▸ **Annotated photo localization data**
*** Block opens ***

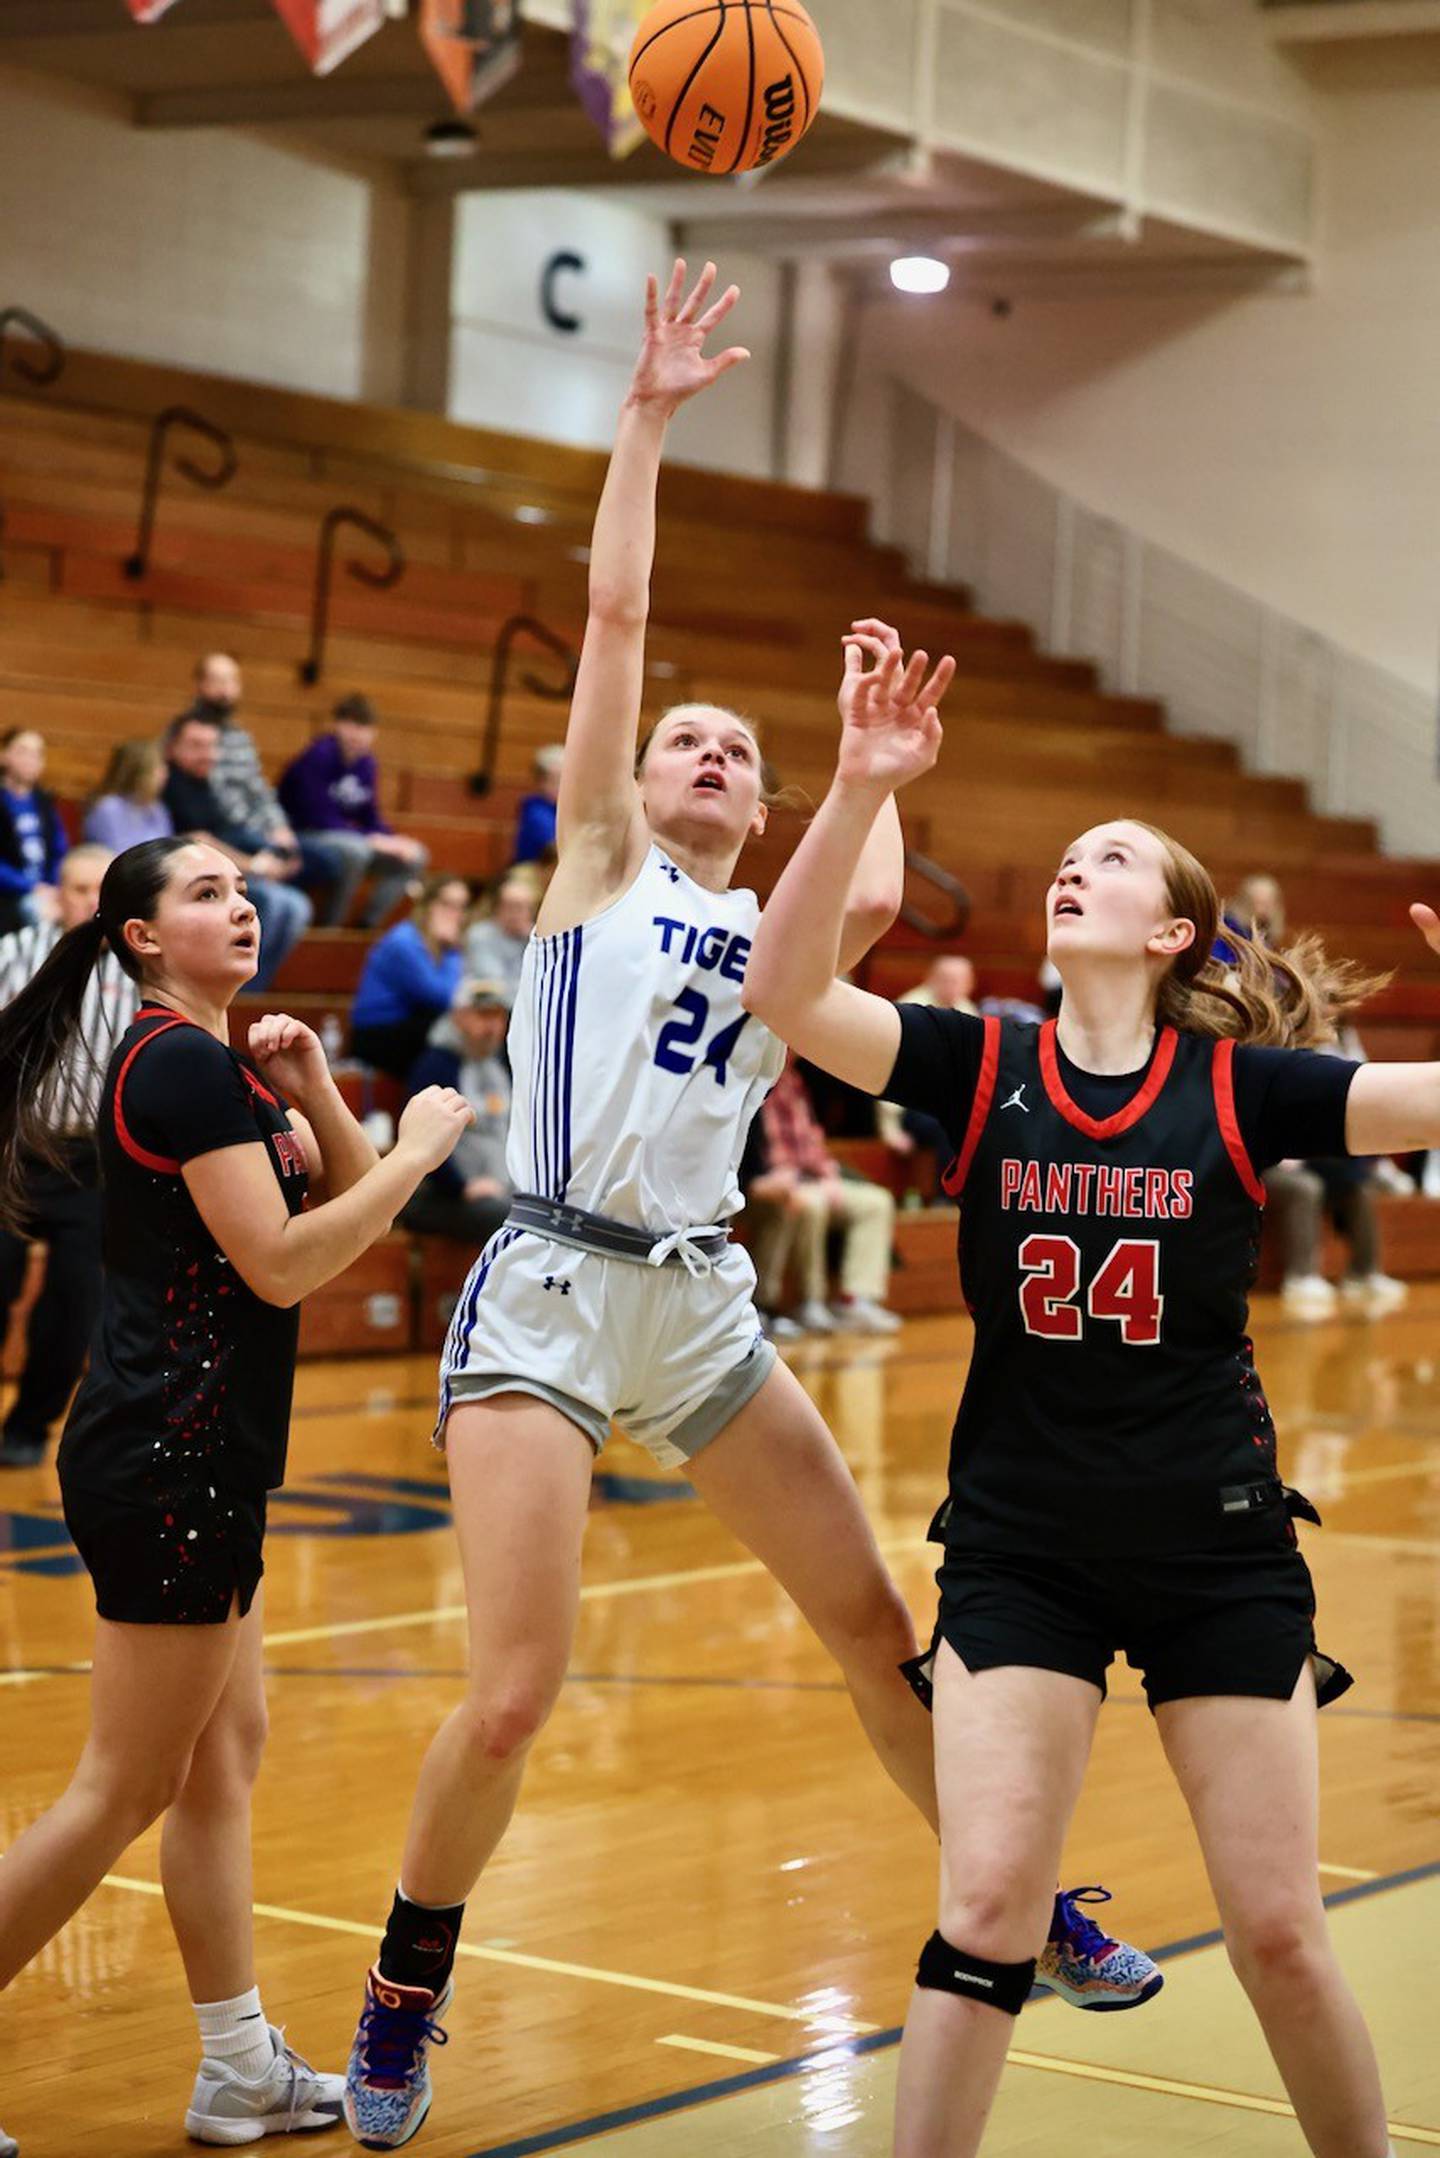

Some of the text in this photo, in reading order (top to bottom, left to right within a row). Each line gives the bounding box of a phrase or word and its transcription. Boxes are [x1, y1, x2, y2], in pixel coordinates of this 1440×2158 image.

[751, 72, 796, 169] Wils
[540, 252, 584, 333] C
[652, 916, 753, 984] TIGE
[1001, 1158, 1194, 1220] PANTHERS
[1018, 1233, 1165, 1345] 24

*** Block closes ***

▸ **Aim of the task**
Each record above should be copied character for character, with pictures dropped.

▸ **Answer section**
Some of the text in this photo, in reading order (top to bottom, left to right within a row). Each line gives the bounding box of a phrase or word and its transcription. Boxes are [x1, y1, x2, y2], in pixel coordinates of this 1440×2158 image.

[751, 72, 796, 169] Wils
[540, 252, 584, 333] C
[652, 916, 753, 984] TIGE
[1001, 1158, 1194, 1220] PANTHERS
[1018, 1233, 1165, 1345] 24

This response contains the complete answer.